Saturday, October 27, 2012

Thanksgiving preview: Pierogi

Dinner 10/27


A little sneak peak for this year's festivities -- Pierogies! (with recipe)

There are two different types one filled with cabbage, the other with potato and mushroom.

Much like the Ravioli, we made, froze and vacuum-sealed about 240, so that should last a couple of days... maybe. ;)

Friday, October 26, 2012

Zucchini Fritters and Roasted Broccoli with Fusilli

Dinner 10/26

Zucchini Fritters

Roasted Broccoli


Zucchini Fritters

Makes 10-12 patties

1 1/2 cups grated zucchini (use a box grater, about 3 small zucchini)
1/4 cup nutritional yeast
1/4 cup breadcrumbs (or flour)
1 tbs. ground flax seed
1/4 cup diced onion (or shallot)
2 cloves garlic, minced
1/2 tsp. dried Italian herbs (thyme, parsley, rosemary)
1/4 cup shredded vegan cheese (optional, but holds the shape better as a binder)

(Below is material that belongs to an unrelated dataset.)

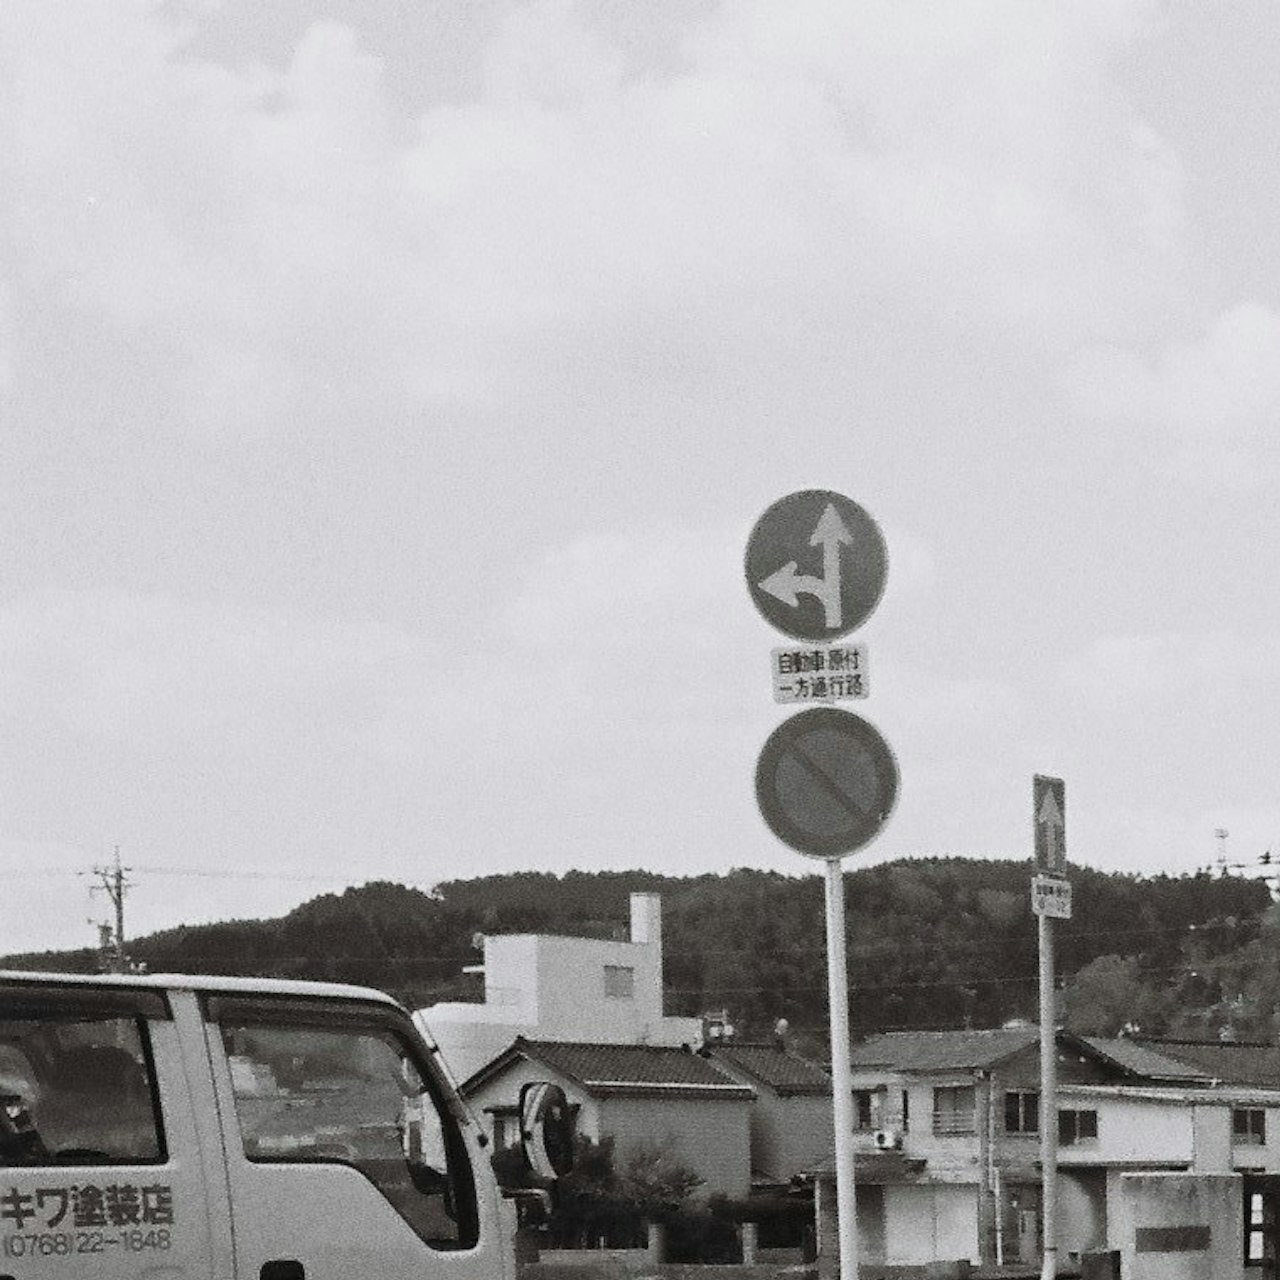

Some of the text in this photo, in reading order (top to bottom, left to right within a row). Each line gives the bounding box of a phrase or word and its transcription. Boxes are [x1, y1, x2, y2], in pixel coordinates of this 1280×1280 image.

[779, 673, 863, 698] 一方通行路
[1, 1183, 175, 1229] キワ塗装店
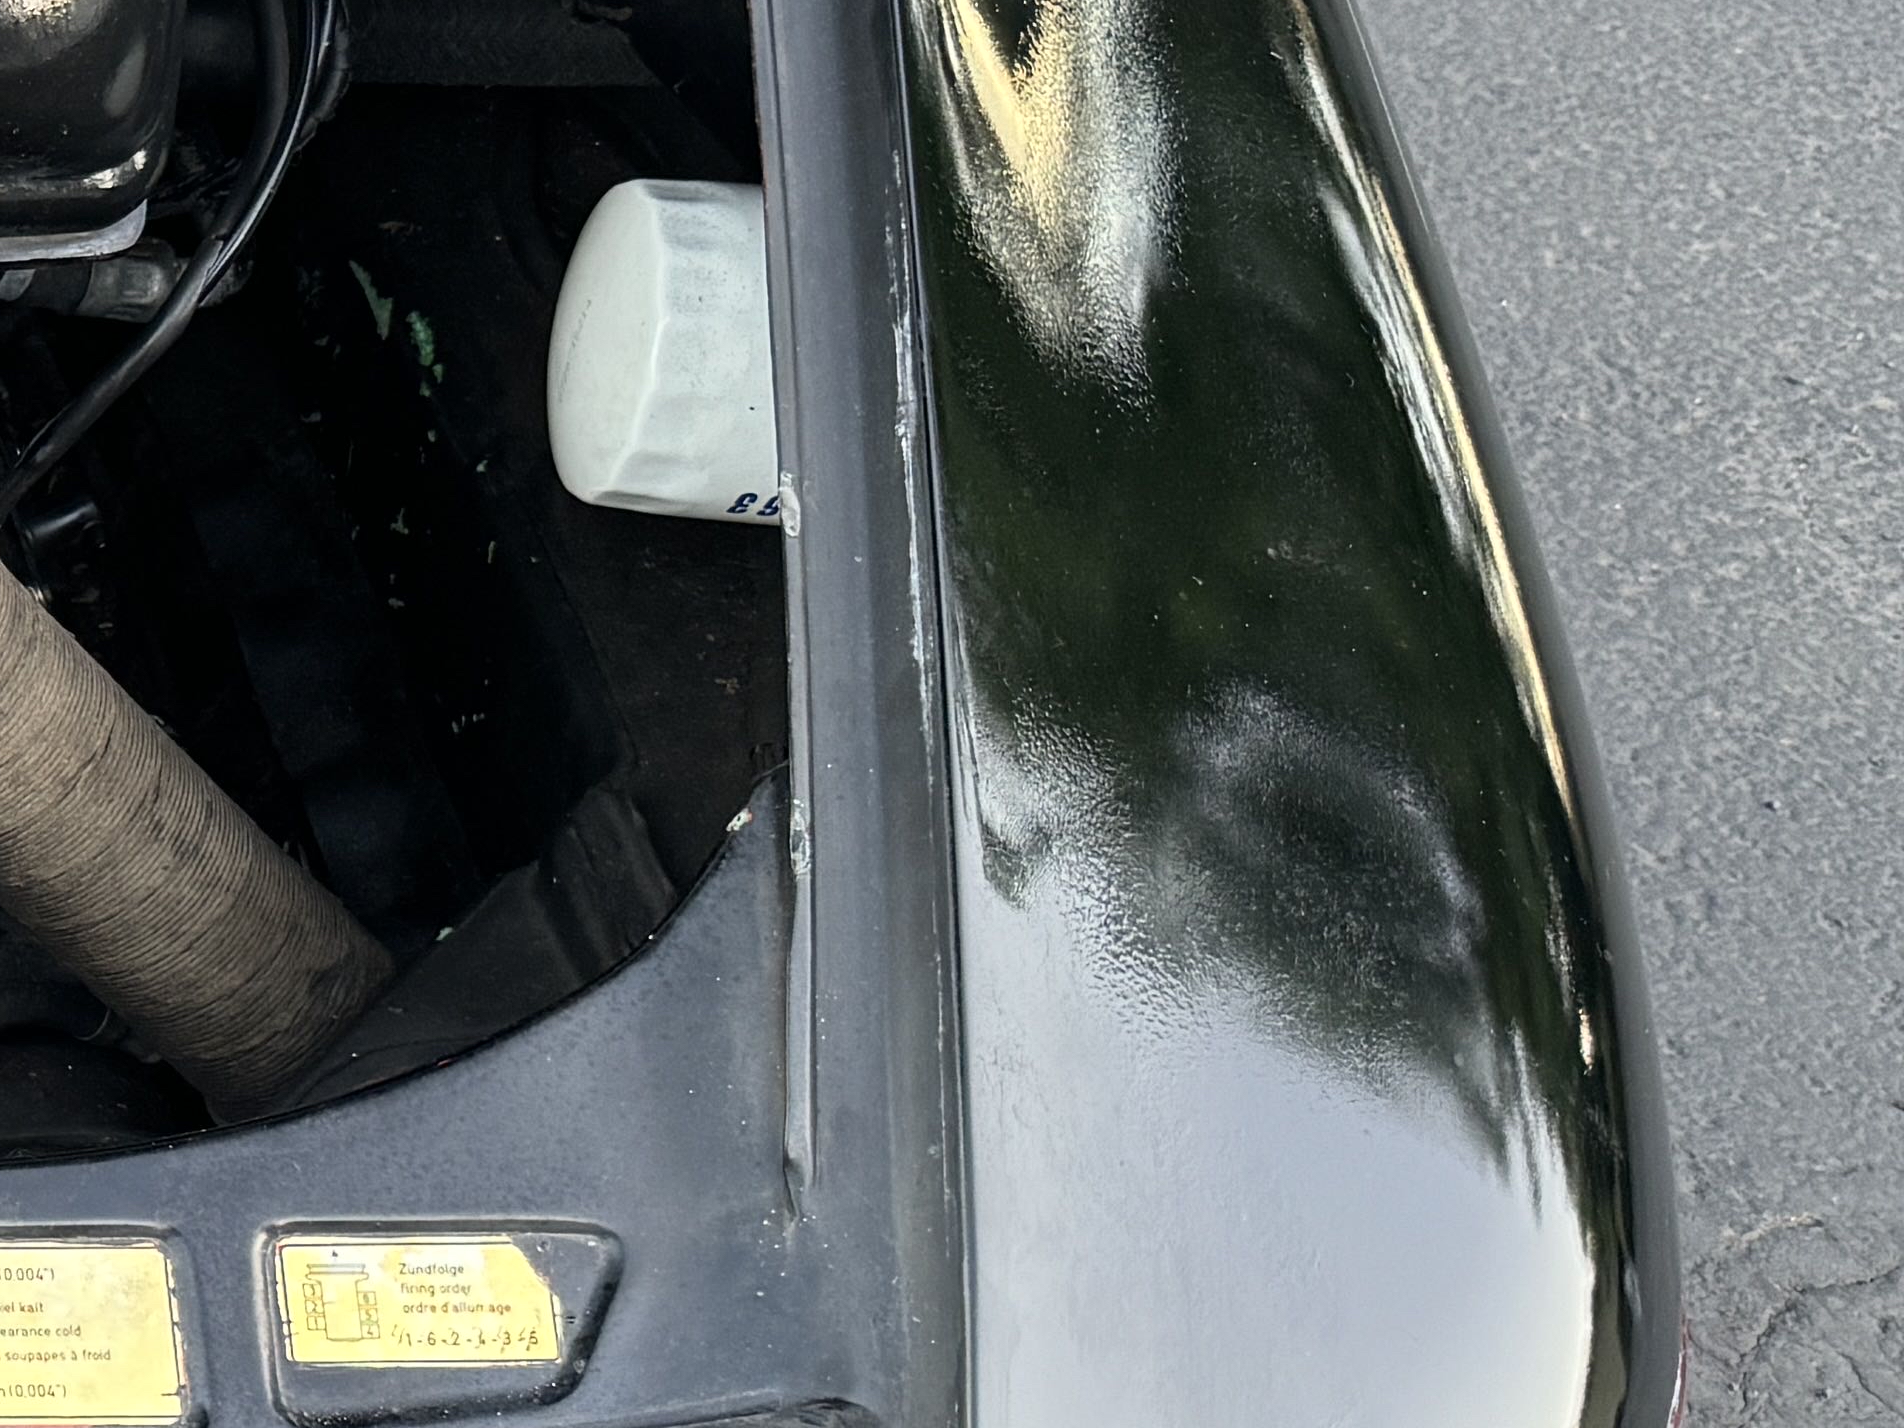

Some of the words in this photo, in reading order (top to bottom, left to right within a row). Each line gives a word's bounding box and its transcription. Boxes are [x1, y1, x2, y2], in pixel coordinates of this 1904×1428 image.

Mix all ingredients in a bowl, divide into 12 pieces and form into 2"-2 1/2" diameter rounds, flatten and fry in a cast-iron pan with a thin layer of olive oil. cook a good five minutes on medium heat until browned. Flip and repeat until finished.

The fritters can be pretty delicate, so try not to flip them until they're ready.

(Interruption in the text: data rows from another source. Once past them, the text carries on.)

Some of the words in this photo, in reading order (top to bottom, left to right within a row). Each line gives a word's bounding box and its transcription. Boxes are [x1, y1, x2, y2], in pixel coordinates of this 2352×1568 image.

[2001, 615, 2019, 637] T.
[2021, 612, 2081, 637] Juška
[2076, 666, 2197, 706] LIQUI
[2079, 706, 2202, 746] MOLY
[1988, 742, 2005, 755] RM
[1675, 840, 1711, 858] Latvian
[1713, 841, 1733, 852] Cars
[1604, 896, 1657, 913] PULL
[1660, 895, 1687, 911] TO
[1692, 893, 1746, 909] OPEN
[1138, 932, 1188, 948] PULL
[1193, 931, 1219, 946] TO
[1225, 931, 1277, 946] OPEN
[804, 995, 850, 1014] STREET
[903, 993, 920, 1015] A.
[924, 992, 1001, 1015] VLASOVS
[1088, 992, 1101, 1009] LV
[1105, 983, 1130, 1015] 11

Served on top of Fusilli topped with marinara sauce, paired with roasted broccoli (450°F / olive oil, salt & pepper / 15 minutes).

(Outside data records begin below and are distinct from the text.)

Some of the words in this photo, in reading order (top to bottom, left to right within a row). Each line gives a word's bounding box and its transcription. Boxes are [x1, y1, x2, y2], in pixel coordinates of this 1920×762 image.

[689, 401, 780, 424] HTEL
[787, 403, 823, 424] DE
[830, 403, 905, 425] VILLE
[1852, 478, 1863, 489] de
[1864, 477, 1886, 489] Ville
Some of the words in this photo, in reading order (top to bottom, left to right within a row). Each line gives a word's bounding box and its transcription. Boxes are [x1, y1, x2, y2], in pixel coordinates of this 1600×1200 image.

Saturday, October 20, 2012

Pumpkin Ravioli with Roasted Broccoli

Dinner 10/20

Pumpkin Ravioli

Roasted Broccoli

"...and you may ask yourself -- well, how did I get here?"

Previously on "What the hell does a vegan eat anyway?"

This volunteer Cinderella Pumpkin grew in our front year this year...

...over the summer we partook in many of the blossoms it offered by making Fritto Misto, stuffing it with a mix of vegan cream cheese, shallots, smoked paprika and nooch, dipped them in a batter and deep-fried them. Good Times, yeah.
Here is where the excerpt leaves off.